■ **EXERCISE**
All entries are to be reproduced exactly; the pictures are to be omitted.

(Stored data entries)
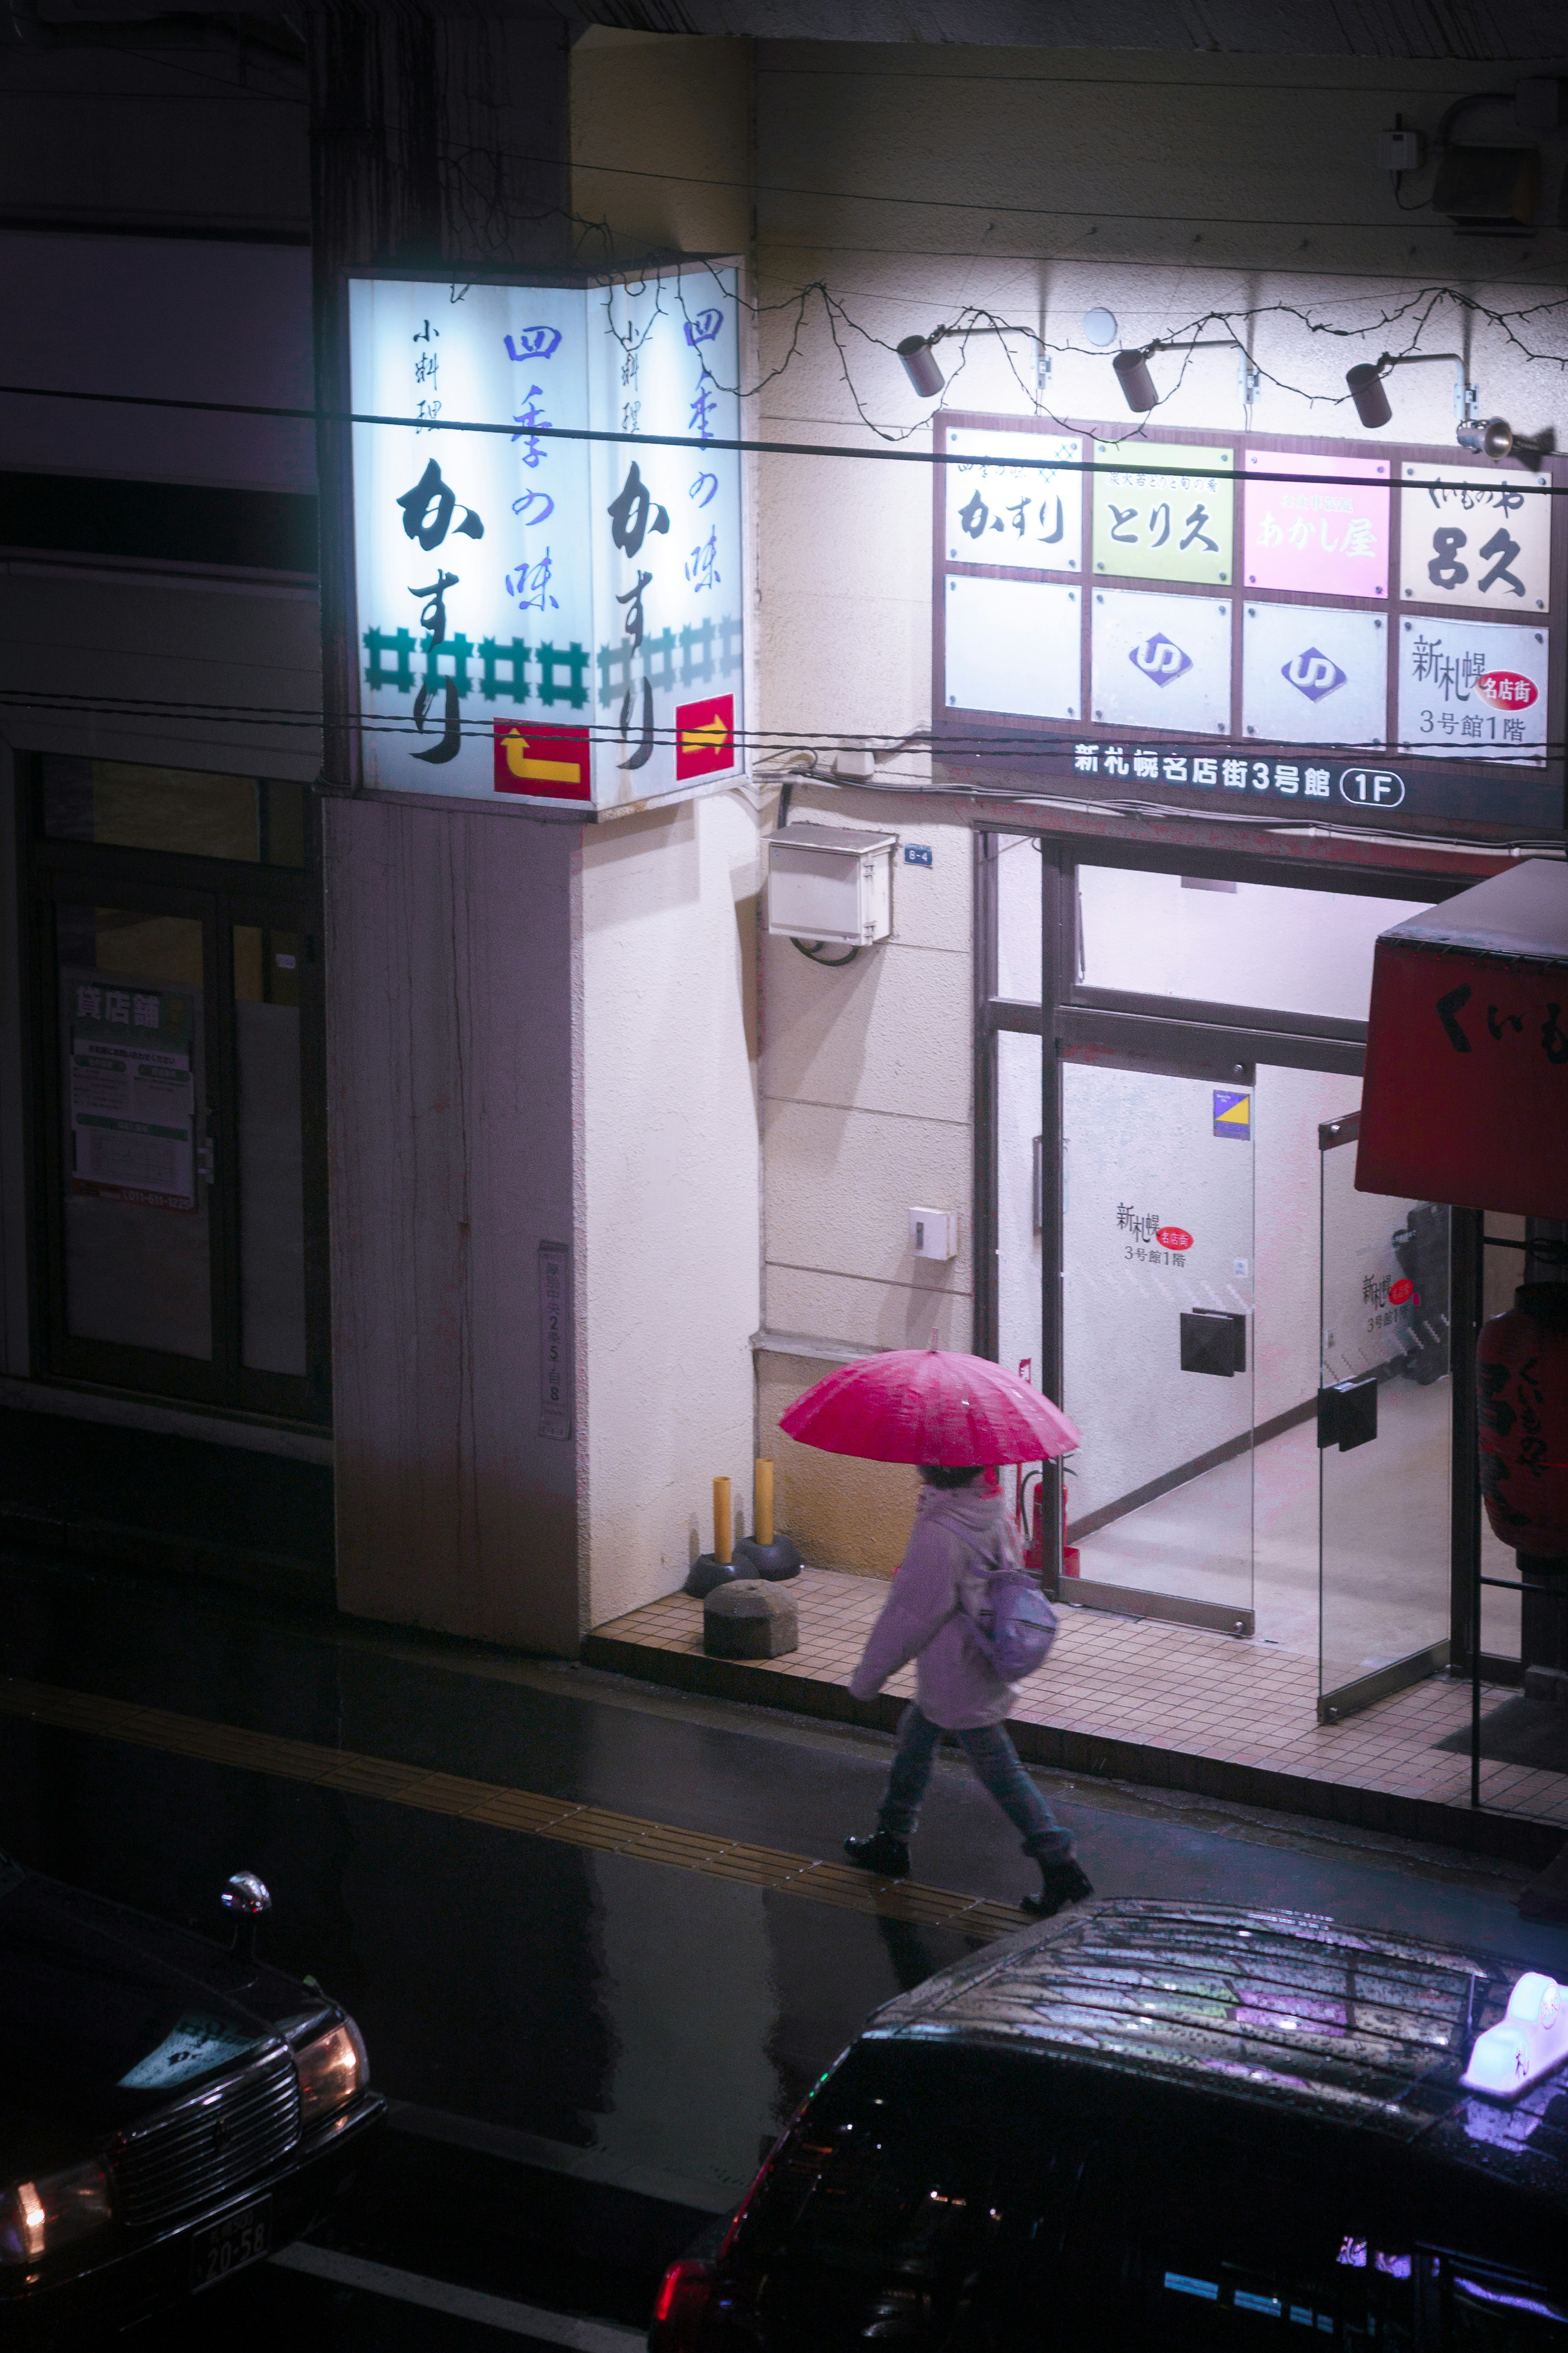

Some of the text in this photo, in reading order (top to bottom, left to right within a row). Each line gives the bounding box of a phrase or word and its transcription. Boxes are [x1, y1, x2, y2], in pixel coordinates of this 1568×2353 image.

[413, 319, 440, 435] 小料理
[620, 320, 642, 435] 小料理
[505, 326, 562, 611] 四季の味
[684, 308, 724, 592] 四季の味
[958, 489, 1063, 544] かすり
[1108, 503, 1219, 552] とり久
[1256, 511, 1378, 558] あかし屋
[1428, 526, 1526, 598] 呂久
[396, 457, 485, 764] かすり
[607, 460, 670, 770] かすり
[1420, 710, 1526, 742] 3号館1階
[1355, 773, 1392, 802] 1F
[1125, 1246, 1186, 1268] 3号館1階

■ **ANSWER SECTION**
Some of the text in this photo, in reading order (top to bottom, left to right within a row). Each line gives the bounding box of a phrase or word and its transcription. Boxes are [x1, y1, x2, y2], in pixel coordinates of this 1568×2353 image.

[413, 319, 440, 435] 小料理
[620, 320, 642, 435] 小料理
[505, 326, 562, 611] 四季の味
[684, 308, 724, 592] 四季の味
[958, 489, 1063, 544] かすり
[1108, 503, 1219, 552] とり久
[1256, 511, 1378, 558] あかし屋
[1428, 526, 1526, 598] 呂久
[396, 457, 485, 764] かすり
[607, 460, 670, 770] かすり
[1420, 710, 1526, 742] 3号館1階
[1355, 773, 1392, 802] 1F
[1125, 1246, 1186, 1268] 3号館1階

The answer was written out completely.